## MATERIAL FOR THE TASK
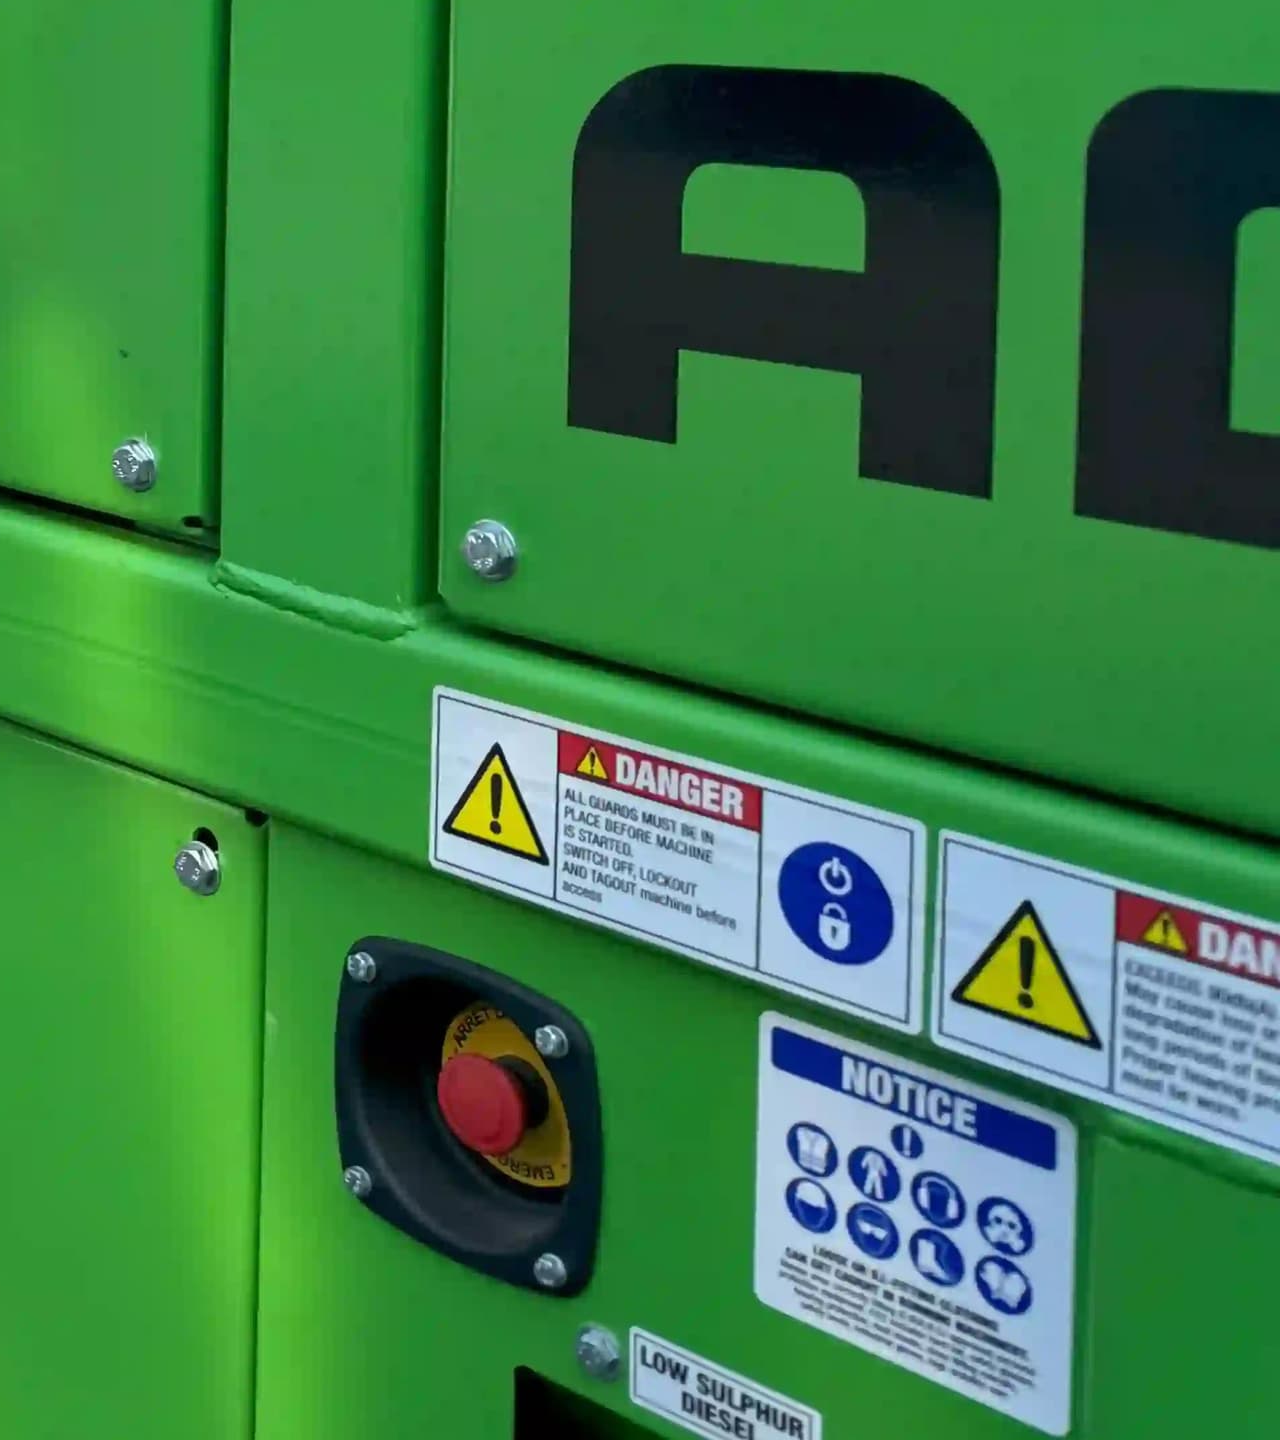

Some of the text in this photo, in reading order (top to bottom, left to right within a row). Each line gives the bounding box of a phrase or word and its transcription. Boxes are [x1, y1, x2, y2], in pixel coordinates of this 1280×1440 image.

[615, 752, 744, 820] DANGER
[564, 788, 714, 845] ALL GUARDS MUST BE IN
[564, 824, 575, 837] IS
[564, 806, 713, 864] PLACE BEFORE MACHINE
[563, 862, 587, 880] AND
[592, 869, 636, 896] TAGOUT
[640, 887, 692, 914] machine
[564, 843, 609, 866] SWITCH
[640, 867, 698, 897] LOCKOUT
[841, 1055, 977, 1139] NOTICE
[641, 1345, 804, 1440] LOW SULPHUR
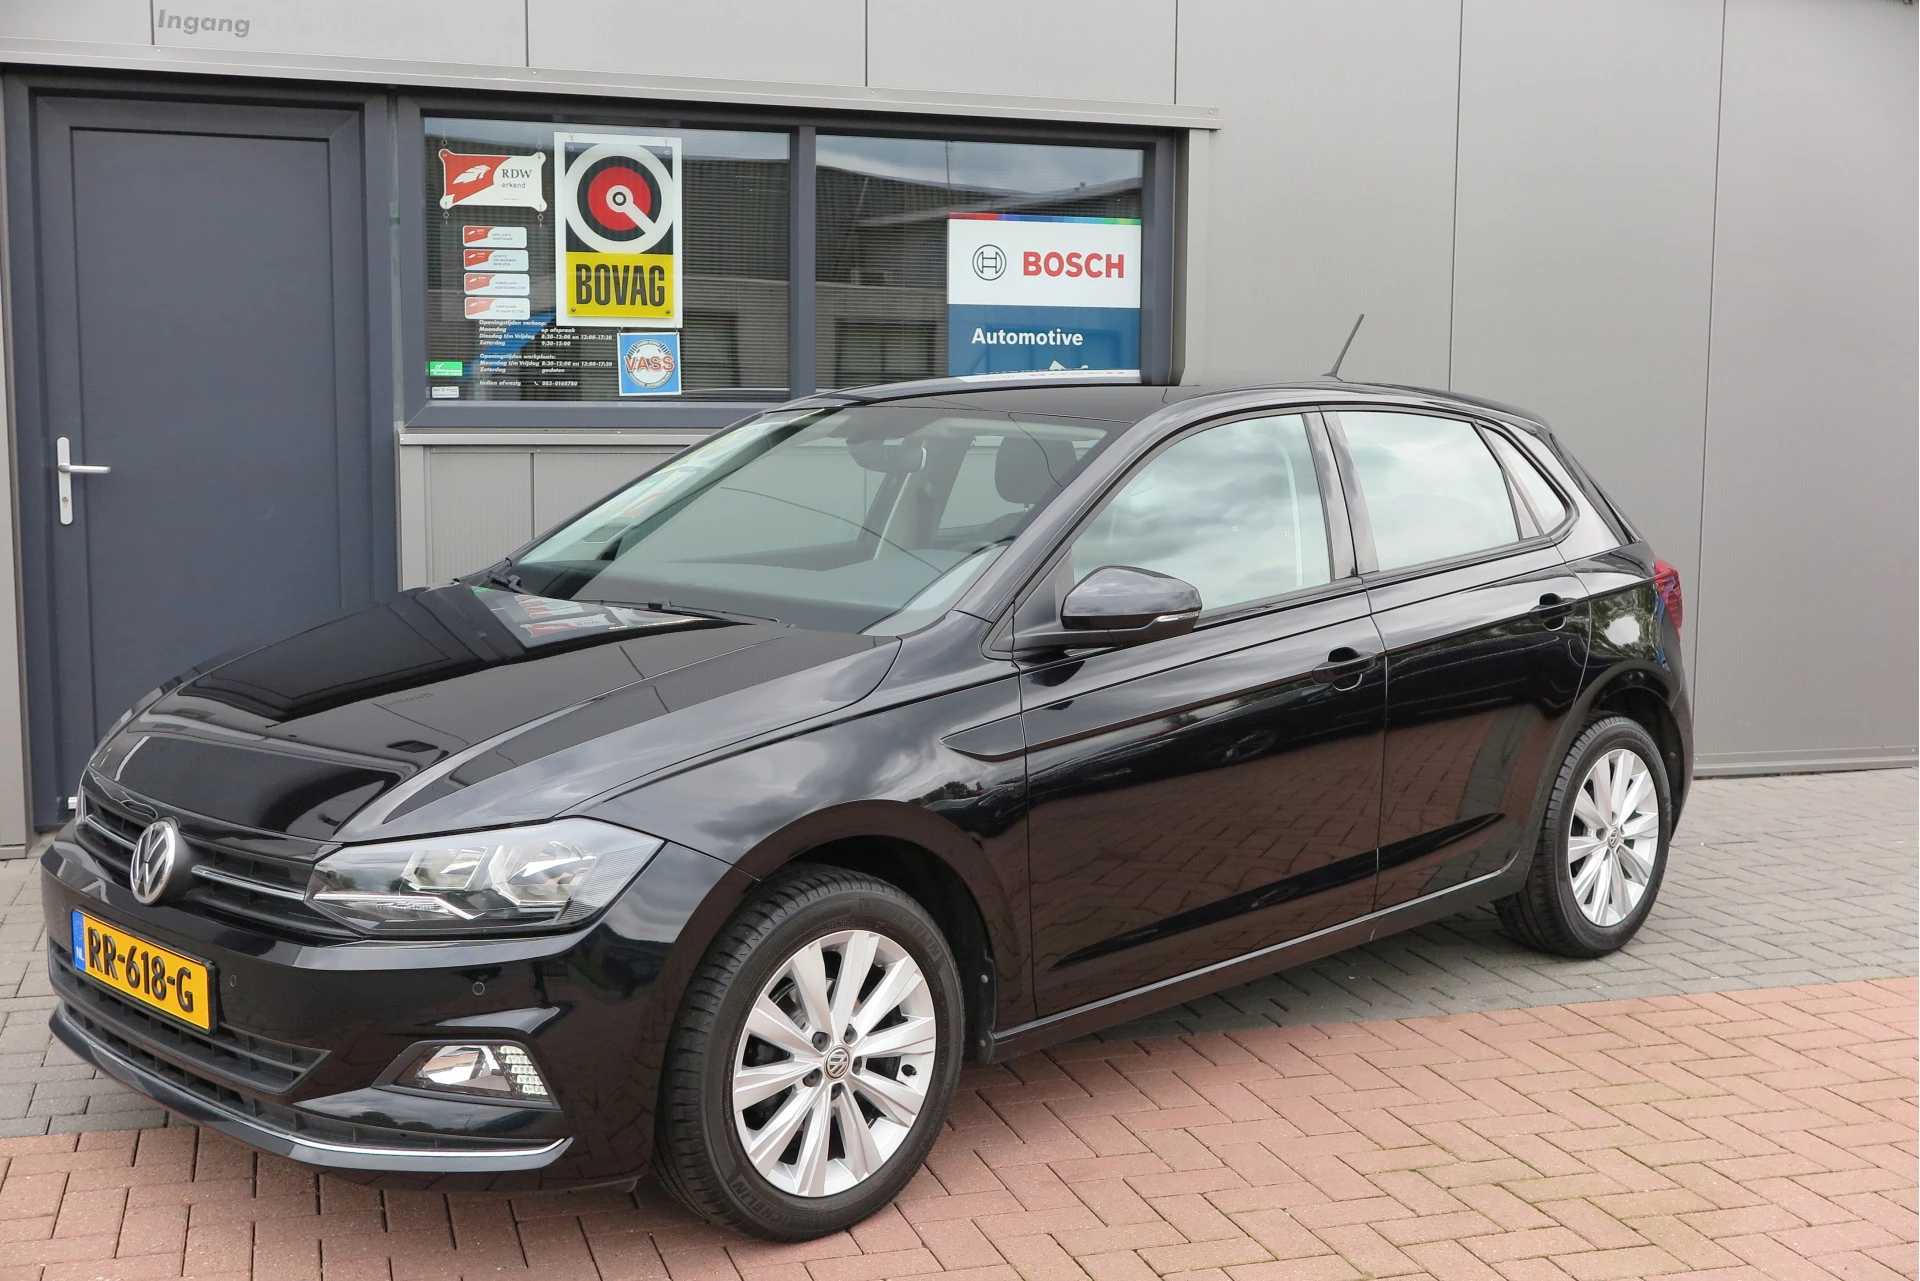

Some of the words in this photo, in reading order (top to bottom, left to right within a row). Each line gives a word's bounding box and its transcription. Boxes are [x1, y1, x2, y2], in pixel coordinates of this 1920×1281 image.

[158, 9, 250, 38] Ingang
[502, 169, 532, 179] RDW
[1023, 251, 1124, 278] BOSCH
[576, 264, 665, 306] BOVAG
[971, 327, 1084, 346] Automotive
[624, 355, 675, 372] VASS
[75, 946, 85, 961] NL
[88, 927, 194, 1012] RR-618-G
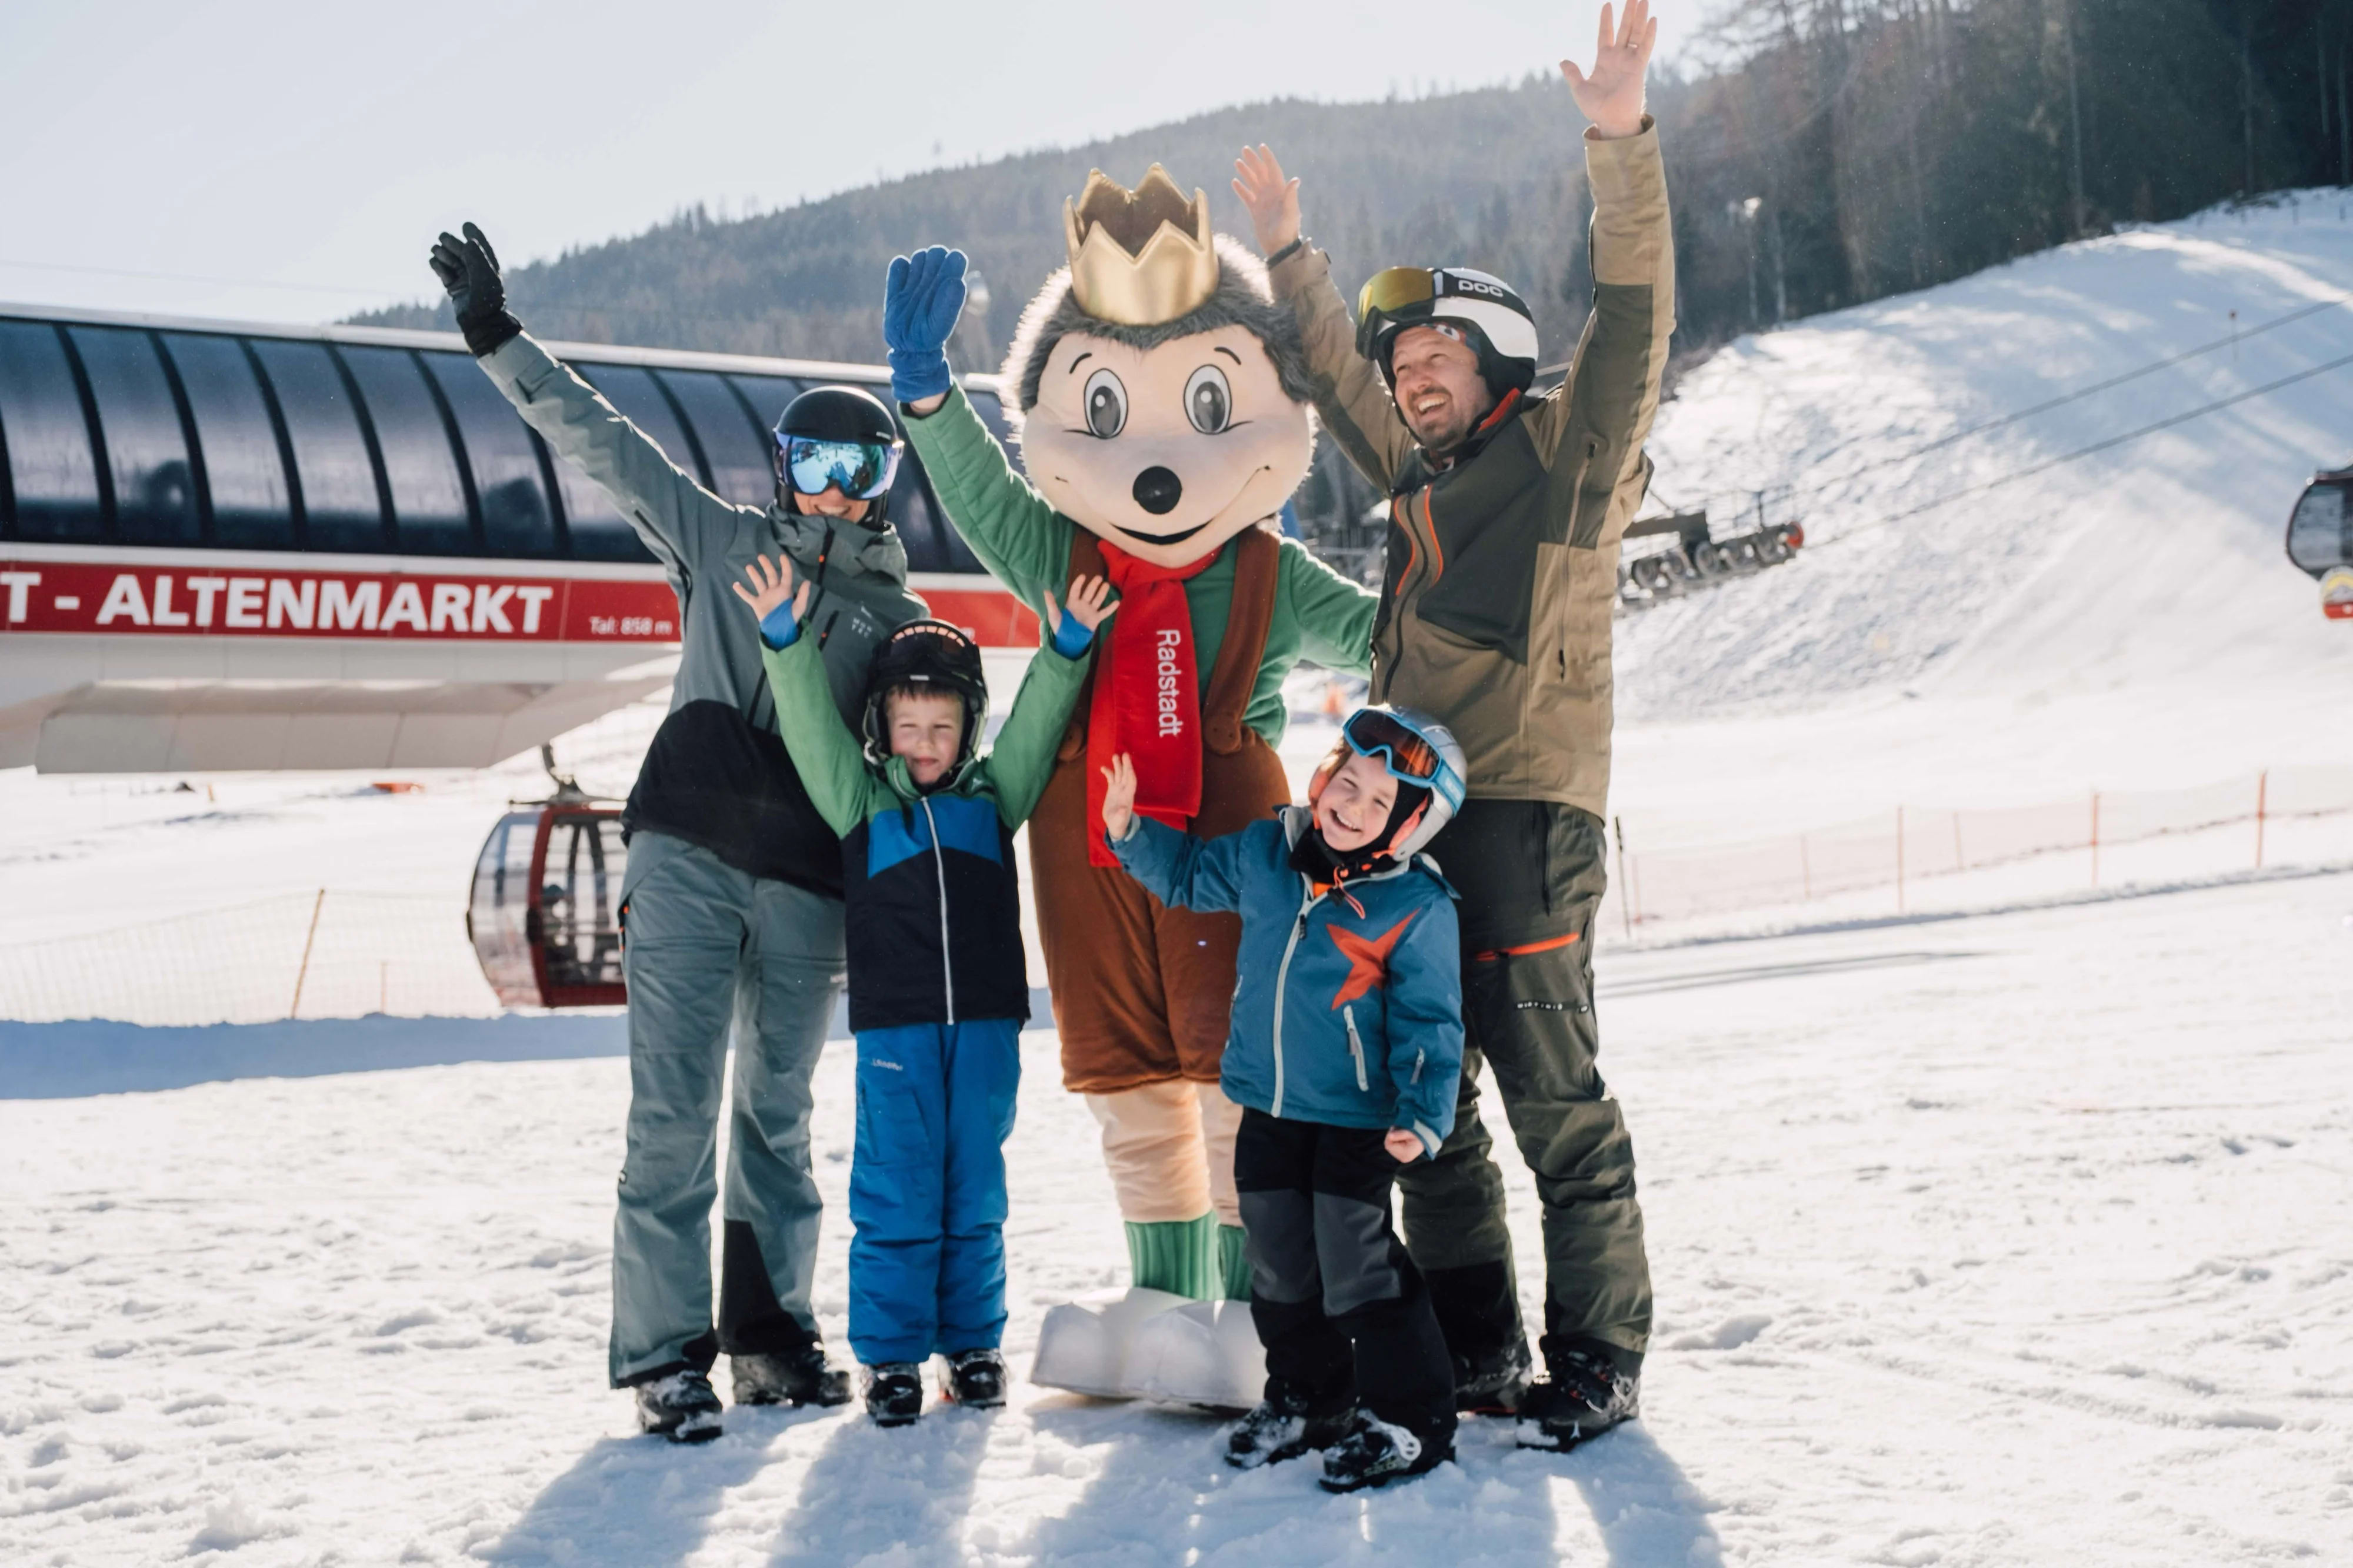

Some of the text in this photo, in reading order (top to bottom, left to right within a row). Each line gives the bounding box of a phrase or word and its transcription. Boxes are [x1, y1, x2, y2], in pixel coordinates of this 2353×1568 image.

## TASK DIRECTIONS
Copy exactly the lines from the line containing "Some of the words" through the last line of the records above, both included, and leave out any pictures.

## ANSWER SPACE
Some of the words in this photo, in reading order (top to bottom, left to right within a row). Each line gives a word's bounding box and its transcription. Boxes are [x1, y1, x2, y2], in pixel coordinates of this 1920×1281 image.

[158, 9, 250, 38] Ingang
[502, 169, 532, 179] RDW
[1023, 251, 1124, 278] BOSCH
[576, 264, 665, 306] BOVAG
[971, 327, 1084, 346] Automotive
[624, 355, 675, 372] VASS
[75, 946, 85, 961] NL
[88, 927, 194, 1012] RR-618-G

Some of the text in this photo, in reading order (top to bottom, left to right within a row). Each line gives the bounding box of a phrase or word and its transcription. Boxes are [x1, y1, x2, y2], in pixel coordinates of this 2353×1568 image.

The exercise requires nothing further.